Establishment of ovariectomized-induced osteoporosis model in mice

The mice used in this study were C57BL/6 from SLAC company, and the number of mice used was 24. The raising of mice and experimental design were approved by the Animal Care and Use Ethics Committee of Zhejiang University. OVX were performed to mimic postmenopausal osteoporosis in humans. All experimental mice were divided into four groups, namely SHAM group, OVX group, low dose (LD) NCTD group and high dose (HD) NCTD group, with six mice in each group (N = 6). Specifically, mice in SHAM group underwent sham operation and intraperitoneal injection of PBS with the same amount as NCTD of other groups. In OVX group, mice were only injected with PBS equal to NCTD after OVX; LD group was intraperitoneal injection of 1 mg/kg NCTD after OVX; The HD group was administrated 2.5 mg/kg NCTD after OVX. All mice were injected with PBS/NCTD twice a week and euthanized after 6 weeks.

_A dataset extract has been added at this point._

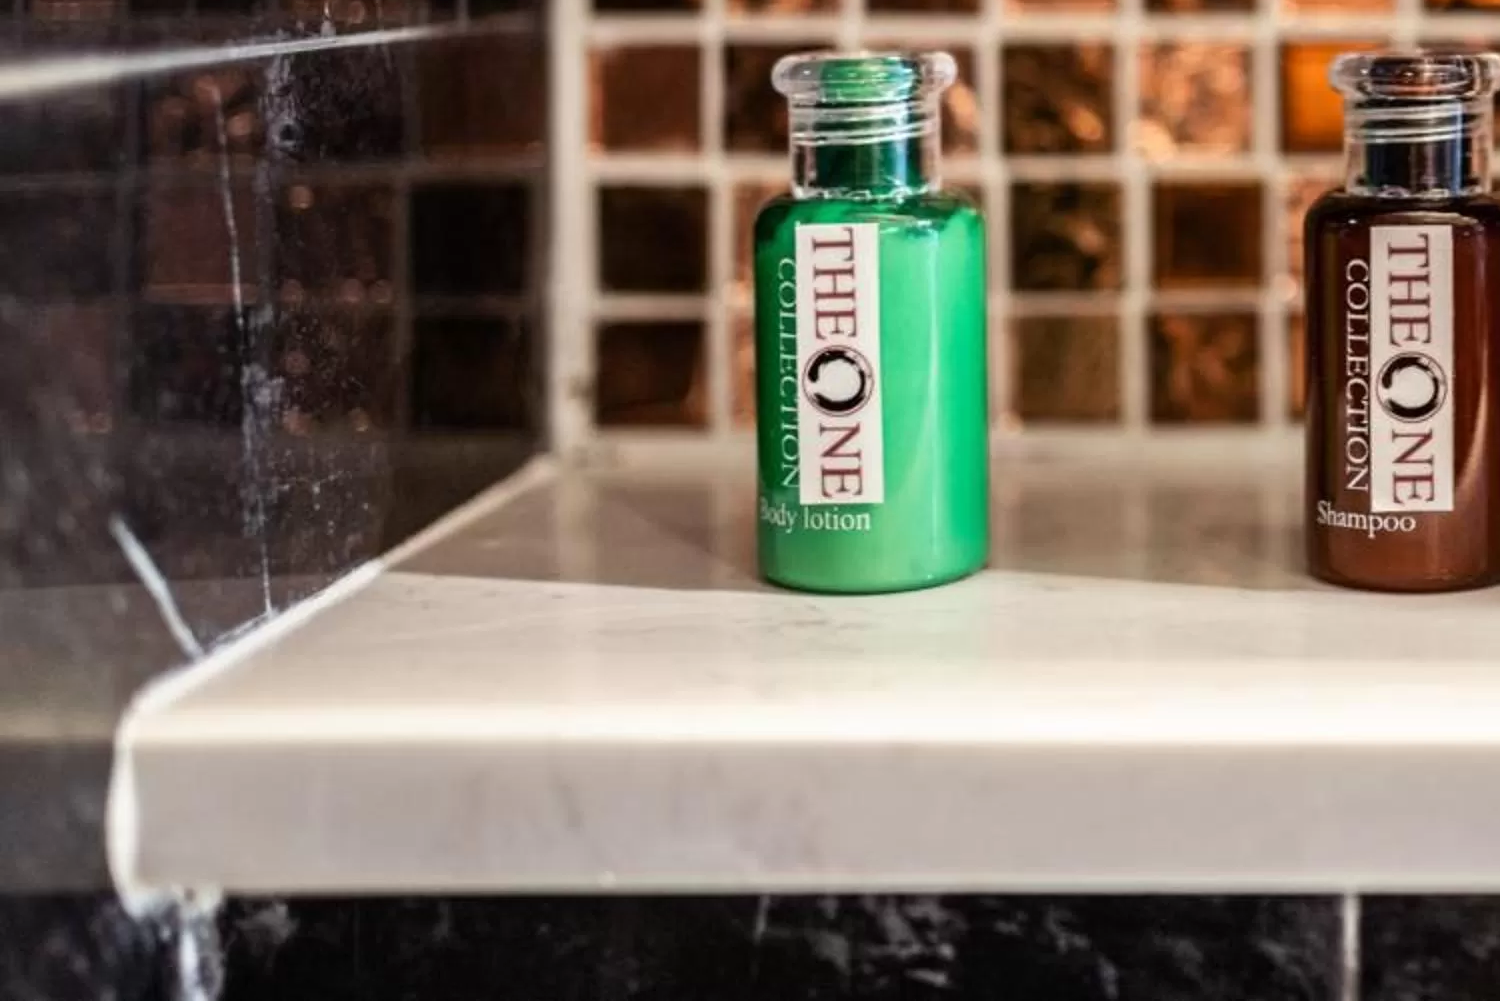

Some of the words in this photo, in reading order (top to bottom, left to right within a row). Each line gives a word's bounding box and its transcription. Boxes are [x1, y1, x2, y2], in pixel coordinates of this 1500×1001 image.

One in the HD group was died during NCTD treatment, while the left 23 mice were collected for following analysis.

Histological analyses

As mentioned above, the left femur of mice was decalcified and paraffin embedded (Zhou et al., 2018b). The paraffin blocks were placed in the refrigerator at −20°C for more than 30 min, and the paraffin slicing machine was used to cut the paraffin blocks into 5 μm tissue sections. Paraffin sections were immersed in xylene, gradient concentration of ethanol and distilled deionized water respectively for removing paraffin. Then the sections were stained with hematoxylin and eosin (H&E) and TRAP and observed with a light microscope. H&E staining and Trap staining were used to analyze the histomorphological characteristics of bone using ImageJ.

Micro-CT scanning

The left tibia of mice was placed in a scanning tube filled with 70% ethanol in an orderly manner, and the samples were scanned by a high-resolution microscopic CT scanner (SKYSCAN1272). The specific parameters of the left tibia were bone volume/tissue volume (BV/TV), connectivity density (Conn.Dn), structural model index (SMI), trabecular number (Tb.N), trabecular thickness (Tb.Th) and trabecular separation (Tb.Sp). The scanning thickness was 12 μm, the interval was 300 ms and the voltage was 70 kV. 3D reconstruction and measurement were performed on the 2D thin layer image of bone tissue, and the threshold was set at 220–250 to distinguish bone tissue from soft tissue.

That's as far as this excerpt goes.